Yes, I’m the one: “That guy” who doesn’t like the Jason Bourne movies. I’d go so far as to say I fucking hate the franchise… but I’m from Boston and we’ve all kind of agreed to always try our hardest to give Matt and Ben and the Wahlberg brothers the benefit of the doubt – I mean, not really, but it sort of feels like it.

But yeah, I have always been completely baffled by what’s supposed to be so fascinating about the Bourne movies, because from where I sit it’s basically been four installments – now five, counting the Damonless “sidequel” The Bourne Legacy (which I do, because it’s only just as bad as the others) – worth of mediocre versions of hypothetically decent elements that never add up to a whole. The story isn’t especially interesting, the action isn’t all that inventive or well-choreographed (even with the “look, not everything can be The Raid” curve) and Paul Greengrass’ pseudo-verite documentary style staging is a really bad fit for it even if it was. It’s nowhere near Matt Damon’s best performance and as a character Jason Bourne is just another moody self-pitying schlub whose one-note grumping is meant to be mistaken for depth – at least they gave Christian Bale a Batman costume to do that schtick in.

But what always rankled my nerves most was this idea Bourne was the “thinking man’s action series,” because it was such a patently bullshit designation since this series barely has an equivalent amount to substantively say about the politics of espionage as the Captain America movies – except that series doesn’t turn around and pretend to be some Oliver Stone/JFK-level thinkpiece.

Let’s be honest: The reason we were supposed to treat the Bourne series like it’s some next-level thing intellectually wasn’t because it was the “smarter” action series, it’s because it was “the” Bush-era American action series with the correct politics. Because the first one came out in 2002 and everyone was still shell-shocked from 9/11 and people – especially in the film press! – were worried that we were going to get a deluge of uncomfortable hyper-patriotic action-hero jingoism. So when The Bourne Identity showed up with a bad-ass spy who fights the corrupt military-industrial complex instead of stereotypical terrorists it was this big oasis-in-desert “exhale” moment where said film press could finally unclench.

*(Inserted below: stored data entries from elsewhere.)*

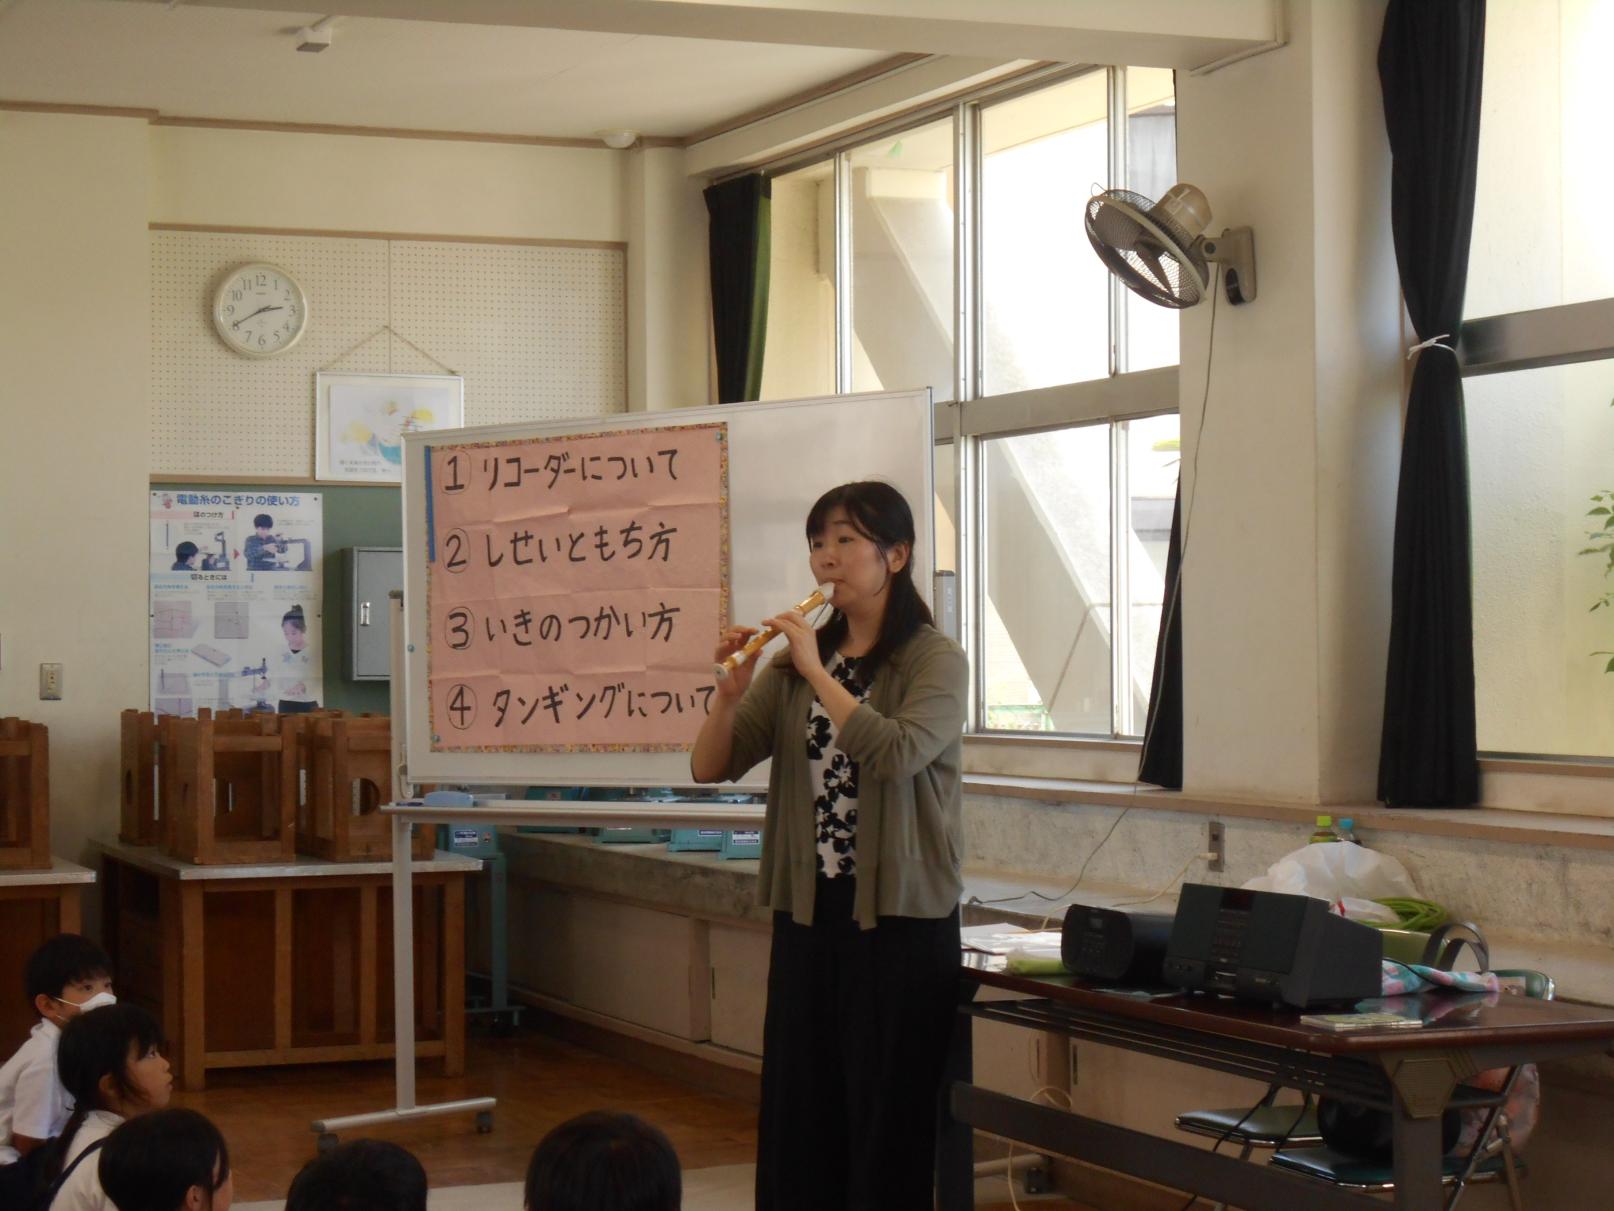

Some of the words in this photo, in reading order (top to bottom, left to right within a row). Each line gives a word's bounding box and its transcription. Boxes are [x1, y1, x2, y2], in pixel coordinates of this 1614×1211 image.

[241, 279, 252, 291] 11
[255, 274, 267, 287] 12
[231, 289, 243, 302] 10
[284, 289, 291, 301] 2
[226, 304, 235, 316] 9
[289, 304, 296, 317] 3
[282, 322, 290, 333] 4
[244, 330, 252, 343] 7
[257, 335, 266, 346] 6
[273, 330, 281, 342] 5
[176, 493, 301, 507] 電動糸のこぎりの使い方

And Bourne himself remains without a doubt the ideal ersatz “Jack Bauer” figure for guilty liberals looking for a “have your cake” cop-out. The premise is that he was actually a regular David Webb who got brainwashed by “Not-Halliburton” and turned into an emotionless CIA killing-machine called Jason Bourne, but after a bout with amnesia he now he remembers the truth (or at least most of what’s not the truth) and fights back against his former masters. So you still get the macho fantasy of this All-American, movie star-lookin’, extralegal-assassinatin’ badass… but he acknowledges that it’s wrong, he’s really sad about it, the movie gets to grandstand about geopolitics and, hey, all those murders aren’t “really” his fault because they messed with his brain. Hooray for zero culpability! 

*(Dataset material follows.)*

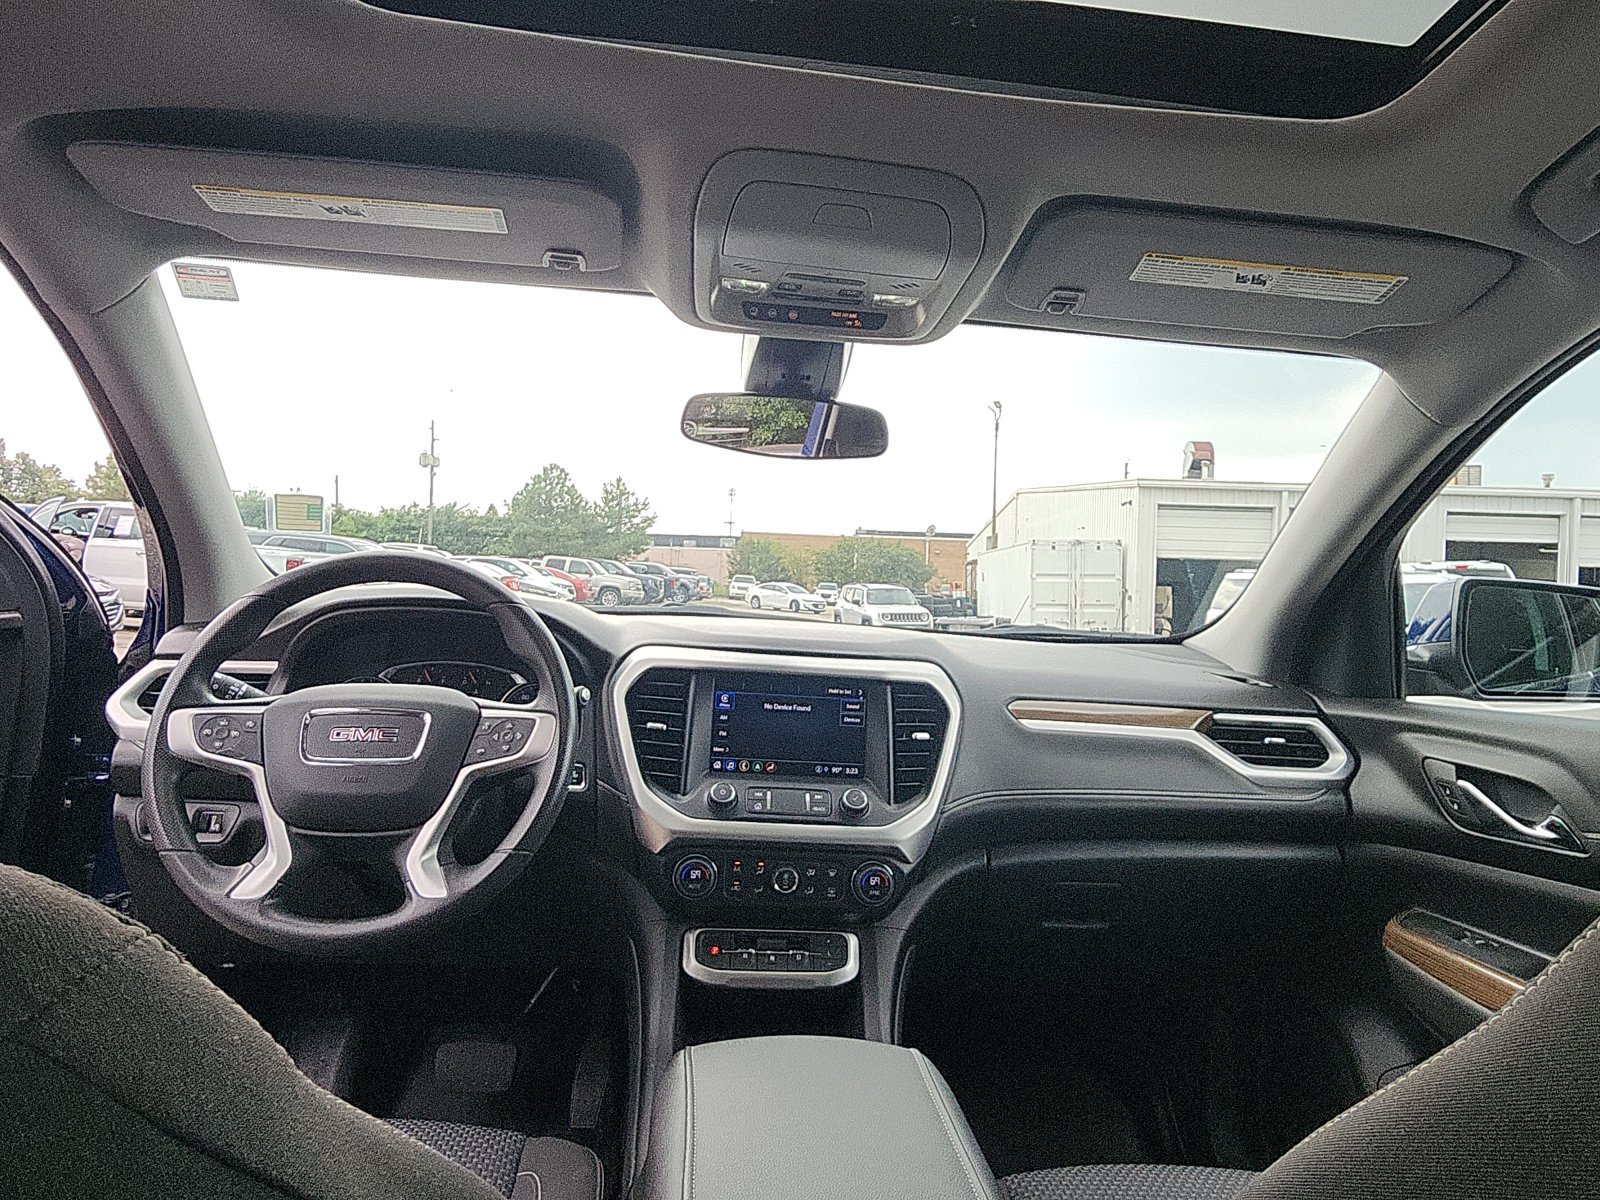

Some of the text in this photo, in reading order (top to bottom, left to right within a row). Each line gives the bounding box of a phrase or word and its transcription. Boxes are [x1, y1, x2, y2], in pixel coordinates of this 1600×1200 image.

[773, 703, 793, 711] Device
[792, 704, 812, 712] Found
[329, 726, 400, 743] GMC
[869, 876, 881, 886] 69

Now, credit where due – at least it seemed to end well in The Bourne Ultimatum since, when Jason Bourne finally tracks down the guy who forced him to become Jason Bourne, it turns out to have been… Jason Bourne; i.e. nobody “forced” him, he’d actually wanted to be an unfeeling killbot for Uncle Sam. Good ending! I mean, the franchise is still mediocre and self-important, but at least it ended with integrity.

So of course the first thing this new “relaunch” of the brand does is to undo that integrity, as Damon’s mopey monosyllabic murder-machine recovers another memory and realizes that the whole reason he was compelled to sign up to be turned into Bourne was because his father was killed in a terrorist attack – but maybe it wasn’t a real attack but rather something the evil government people staged in order to trick him into joining a program he was already being “scouted” for. So, yeah, fuck integrity, we’re right back to Jason Bourne: Zero-Culpability Emo Face-Puncher Man. Terrific.

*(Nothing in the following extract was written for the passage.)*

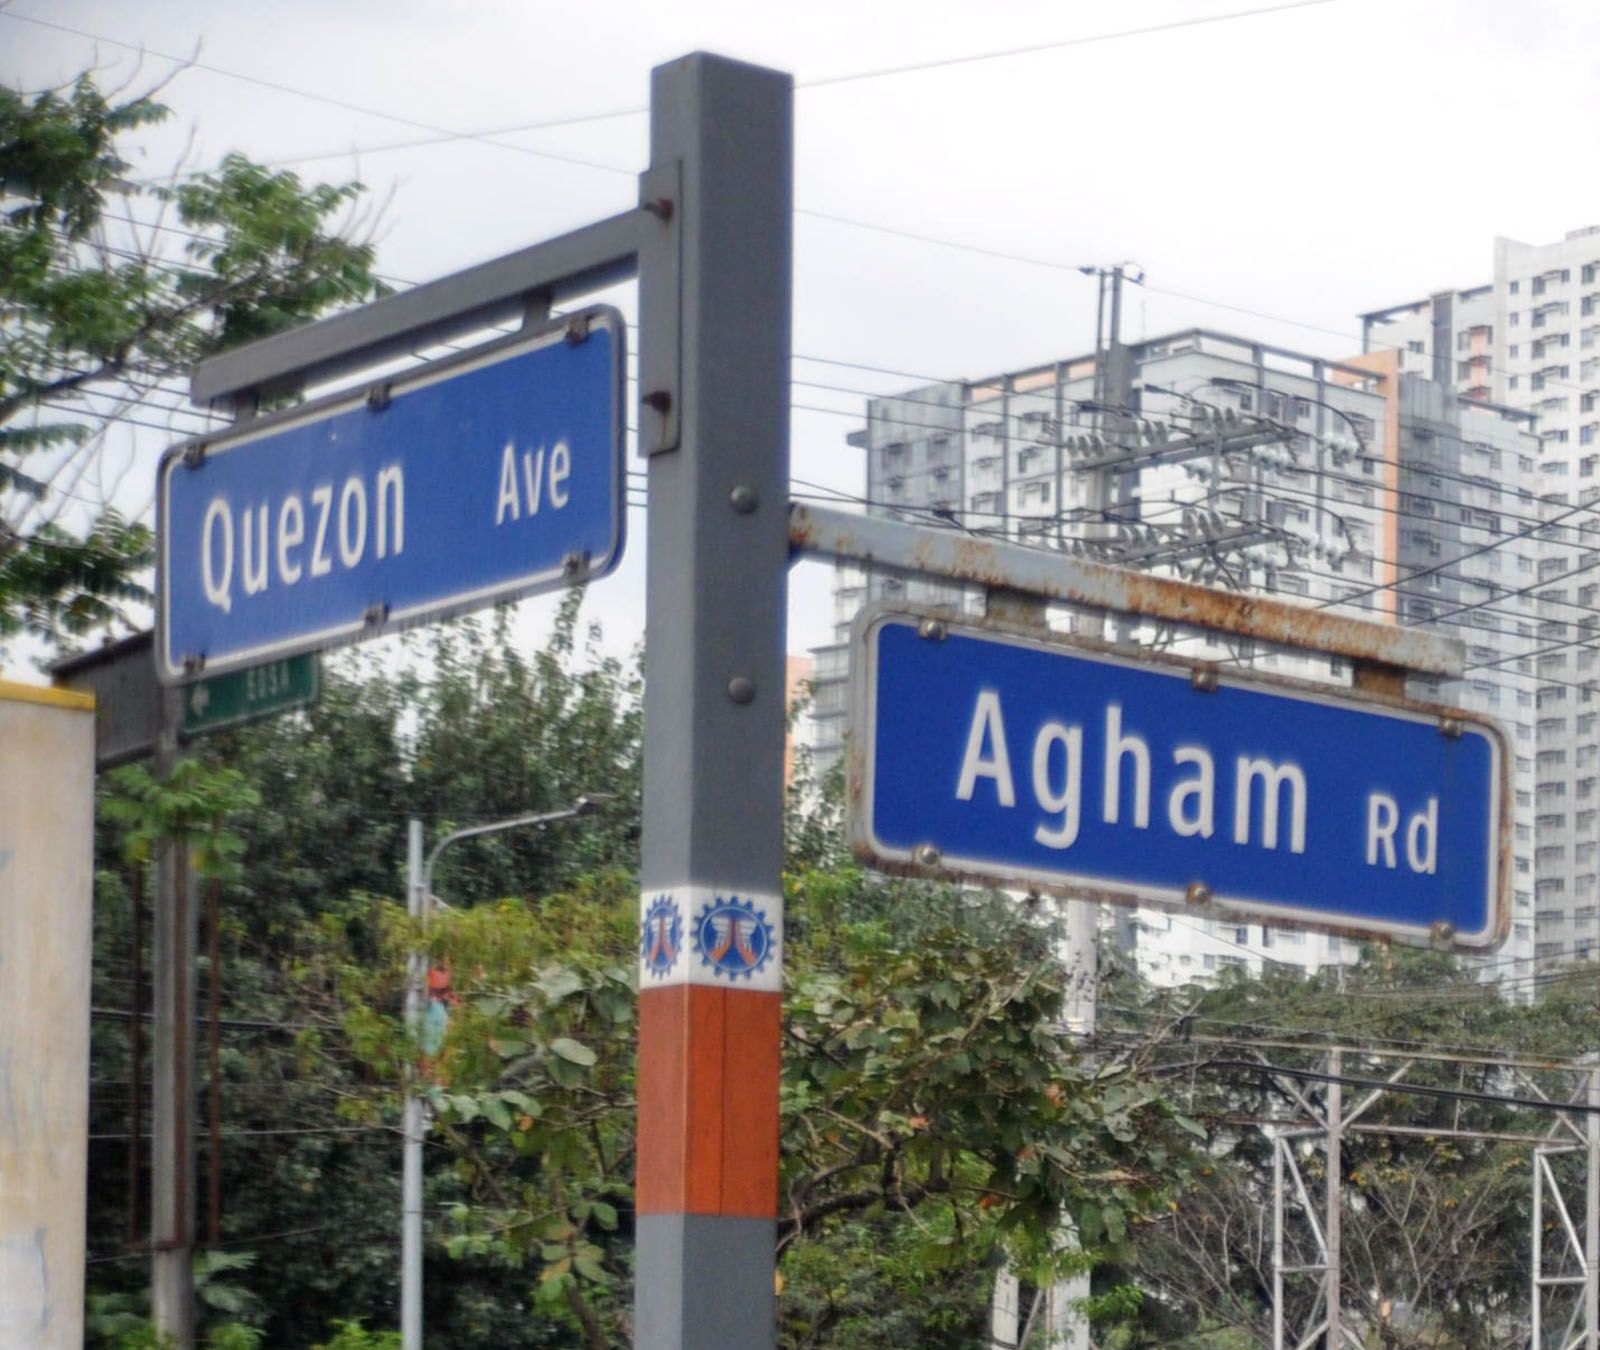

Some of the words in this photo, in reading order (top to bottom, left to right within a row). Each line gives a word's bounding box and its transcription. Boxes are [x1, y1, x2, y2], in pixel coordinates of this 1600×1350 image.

[203, 463, 404, 614] Quezon
[496, 442, 571, 526] Ave
[955, 690, 1307, 855] Agham
[1366, 794, 1438, 875] Rd

The “point” seems to be leaving the franchise in a place where they continue making more sequels every time Matt Damon wants to go off and do an indie project but still afford to live like Matt Damon the rest of the year; and to that end the secondary “plot” outside of Bourne’s truth quest is basically this embarrassingly big sloppy ass-kiss to the tech-crowd/Wikileaks/”hacktivist” set: After being drawn back into the spy world, Bourne has to stop evil government guy Tommy Lee Jones (now there’s some outside the box casting, huh?) from murdering this Zuckerberg-esque social-media startup executive who’s about to renege on a deal to let the CIA spy on his user data. And yes, that does mean that all of the big spy sequences now involve rooms full of anonymous assholes furiously bashing computer-keys, taking Bluetooth earpieces in and out and shouting “Enhance!!!” at low-resolution digital video stills as though CSI: Cyber had never gone off the air.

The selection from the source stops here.